Everything in the entries except the pictures must be repeated exactly.

*** Block opens ***

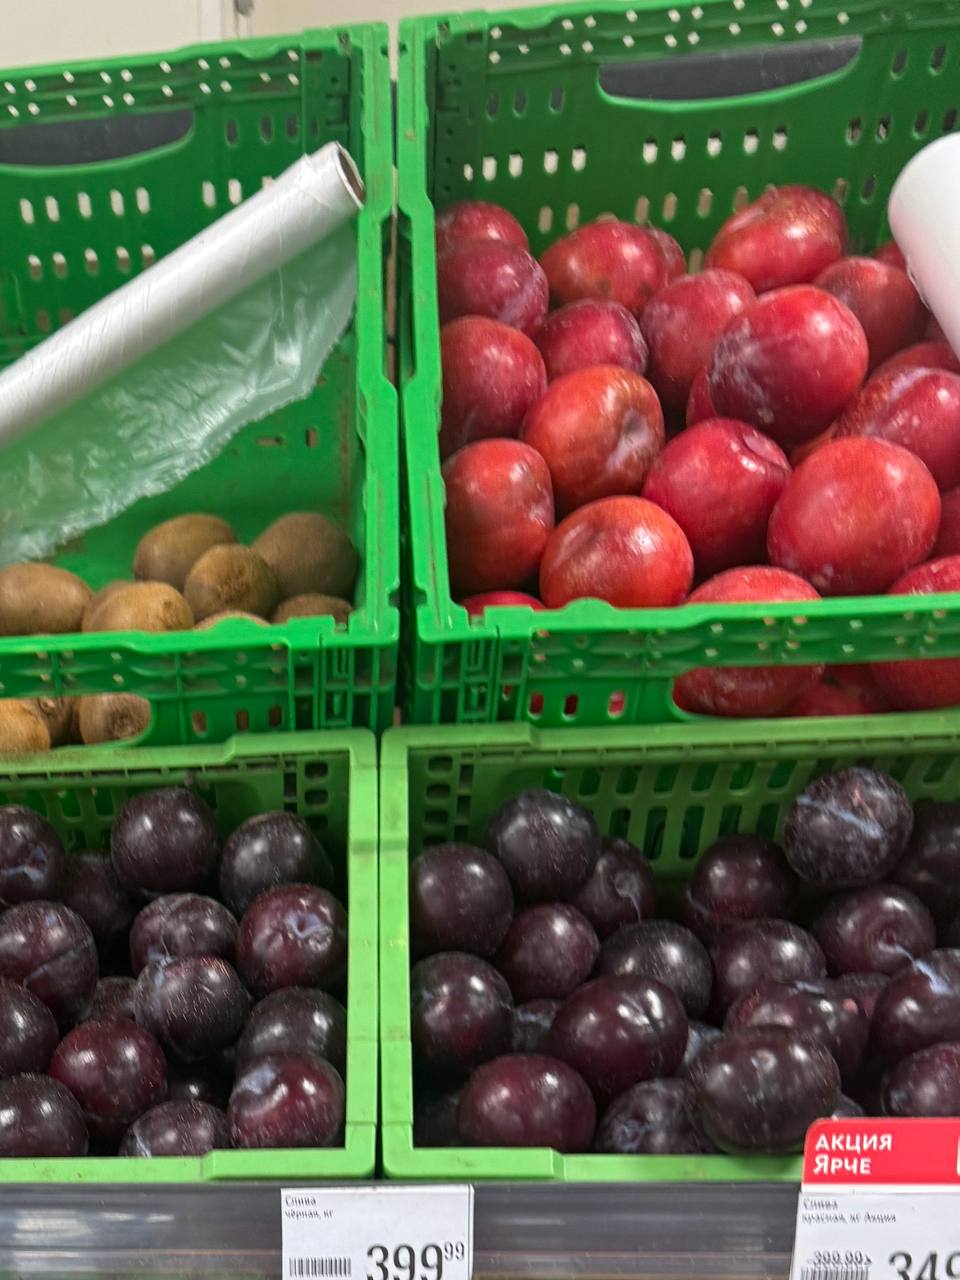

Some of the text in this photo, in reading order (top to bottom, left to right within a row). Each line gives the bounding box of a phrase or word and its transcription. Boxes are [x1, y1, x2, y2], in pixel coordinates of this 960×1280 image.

[815, 1133, 893, 1153] АКЦИЯ
[813, 1154, 872, 1175] ЯРЧЕ
[284, 1194, 317, 1207] Слива
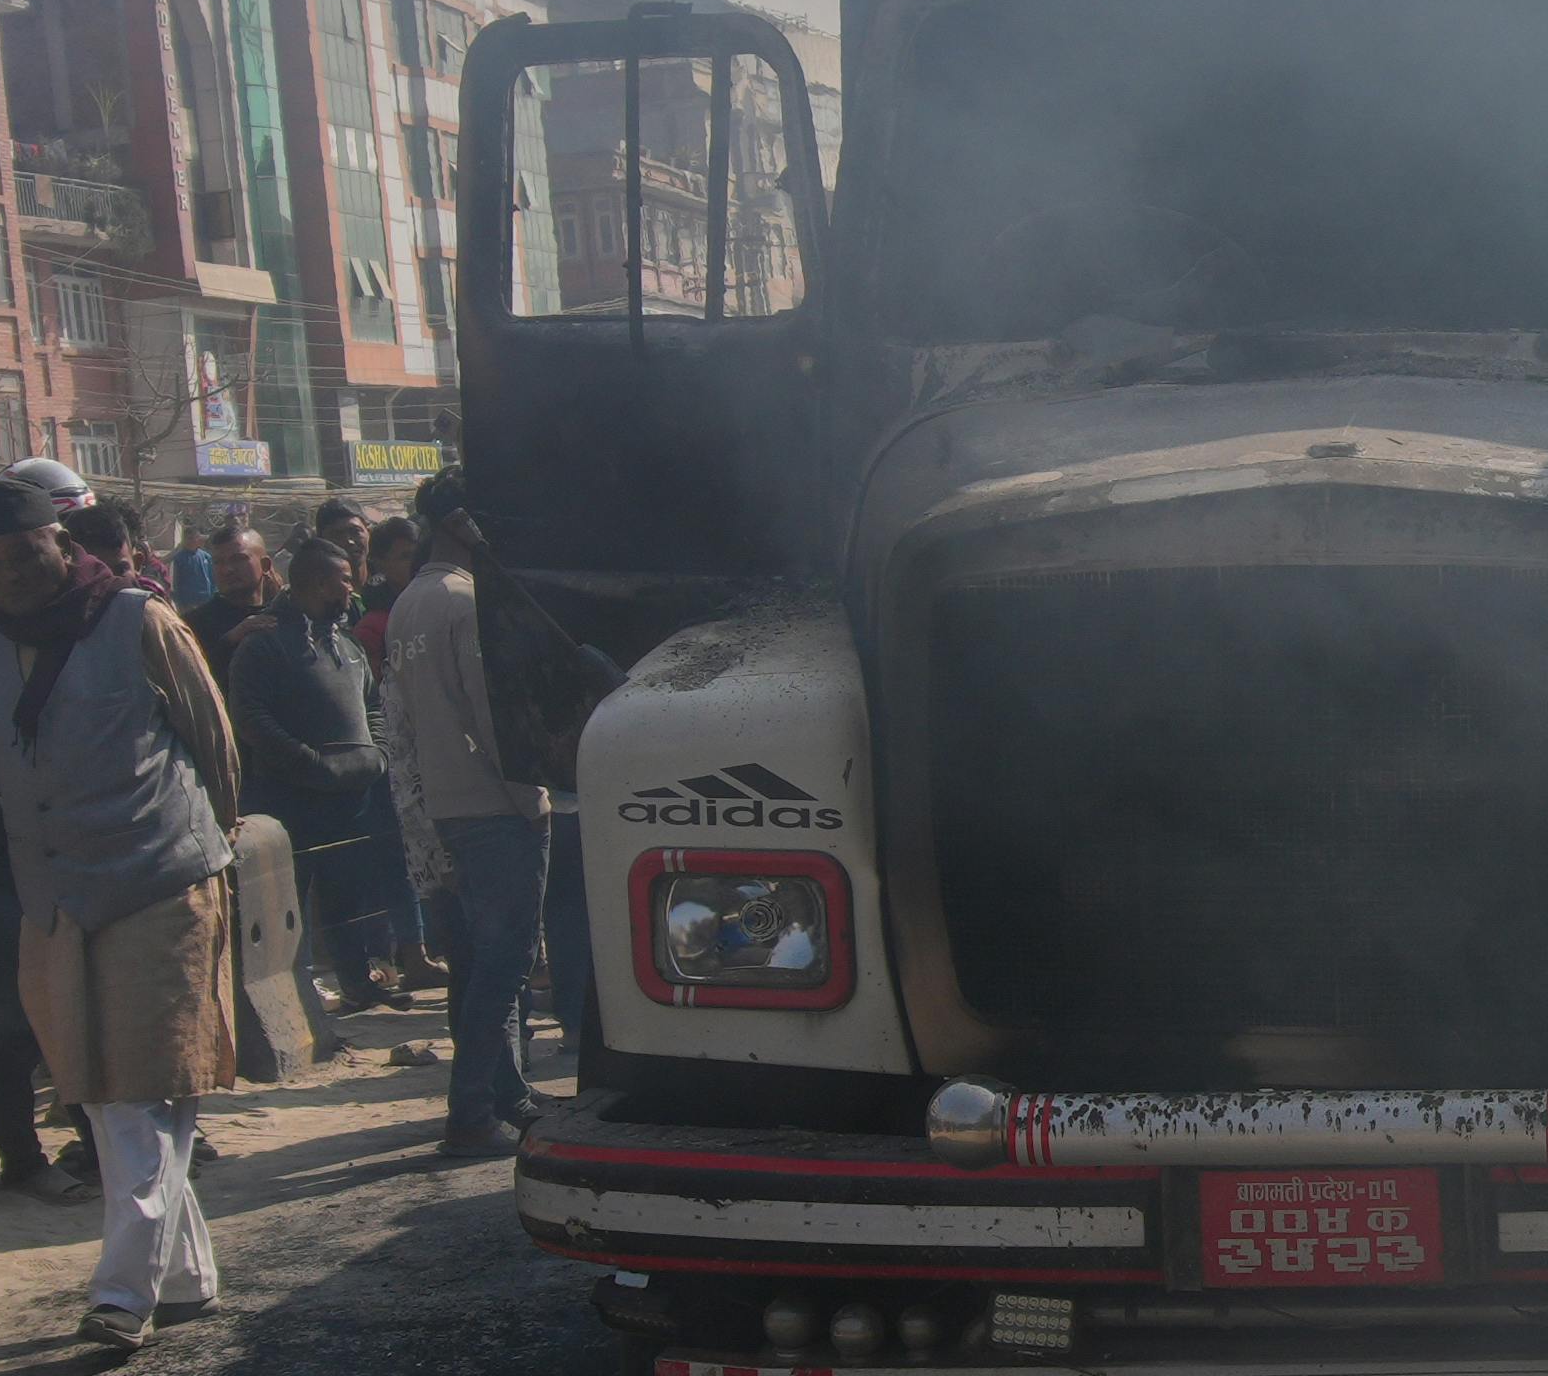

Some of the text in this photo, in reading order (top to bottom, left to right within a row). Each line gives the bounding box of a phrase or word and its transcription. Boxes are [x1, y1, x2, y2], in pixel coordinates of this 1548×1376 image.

[164, 73, 189, 211] CENTER
[356, 444, 439, 470] AGSHA COMPUTER
[618, 799, 844, 830] adidas
[1236, 1175, 1305, 1203] बागमती
[1367, 1206, 1412, 1233] क
[1217, 1235, 1426, 1274] ३४२३
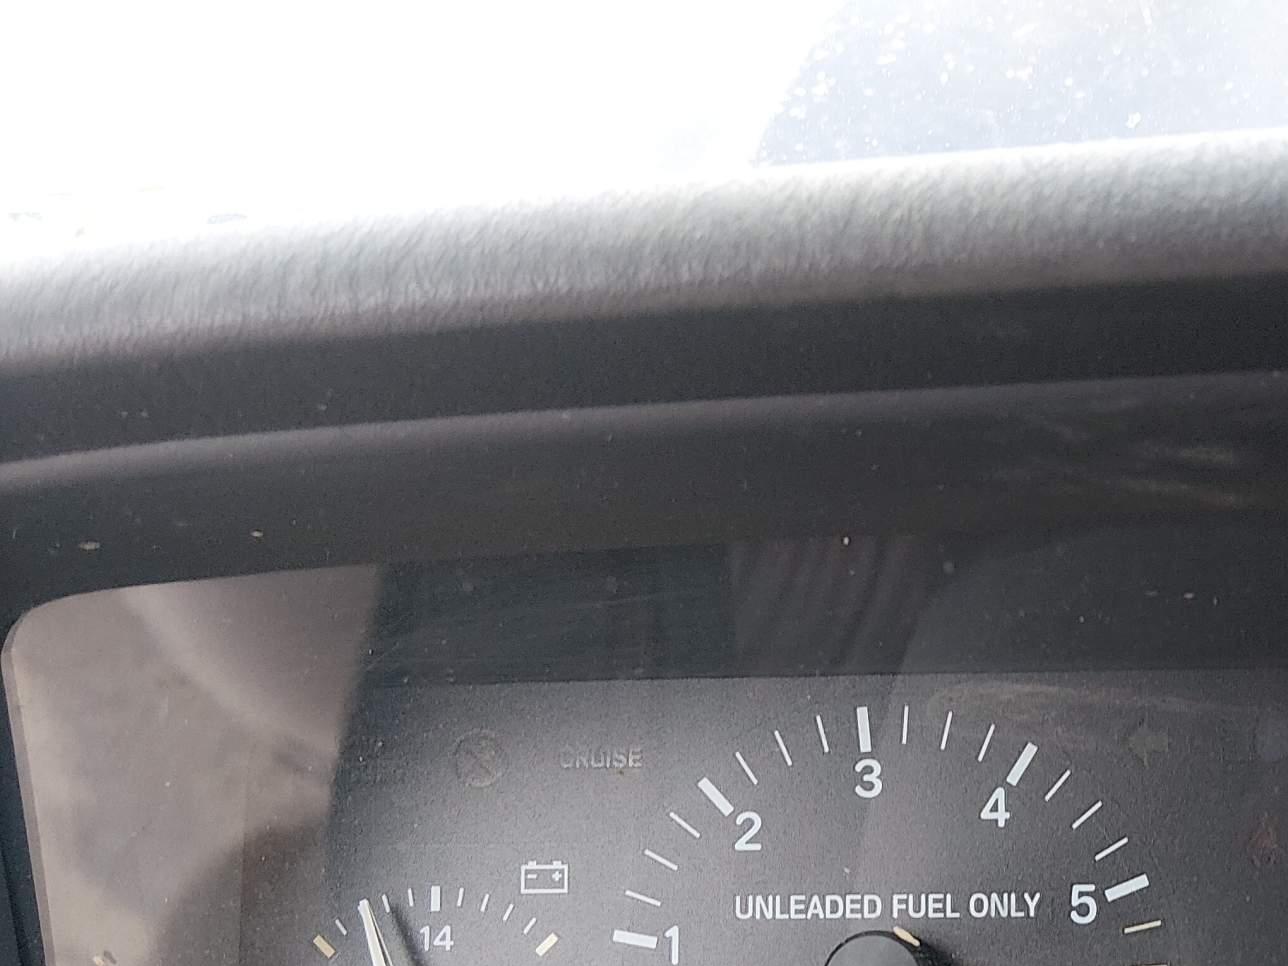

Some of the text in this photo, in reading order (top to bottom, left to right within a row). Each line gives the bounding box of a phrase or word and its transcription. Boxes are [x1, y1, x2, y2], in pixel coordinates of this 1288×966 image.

*** Block closes ***

Answer box
Some of the text in this photo, in reading order (top to bottom, left to right within a row). Each line gives the bounding box of a phrase or word and its transcription. Boxes are [x1, y1, x2, y2], in pixel coordinates of this 960×1280 image.

[815, 1133, 893, 1153] АКЦИЯ
[813, 1154, 872, 1175] ЯРЧЕ
[284, 1194, 317, 1207] Слива

Some of the text in this photo, in reading order (top to bottom, left to right within a row). Each line gives the bounding box of a phrase or word and its transcription. Boxes are [x1, y1, x2, y2], in pixel coordinates of this 1548×1376 image.

[164, 73, 189, 211] CENTER
[356, 444, 439, 470] AGSHA COMPUTER
[618, 799, 844, 830] adidas
[1236, 1175, 1305, 1203] बागमती
[1367, 1206, 1412, 1233] क
[1217, 1235, 1426, 1274] ३४२३

Some of the text in this photo, in reading order (top to bottom, left to right within a row). Each line gives the bounding box of a phrase or word and its transcription. Boxes are [x1, y1, x2, y2], in pixel coordinates of this 1288×966 image.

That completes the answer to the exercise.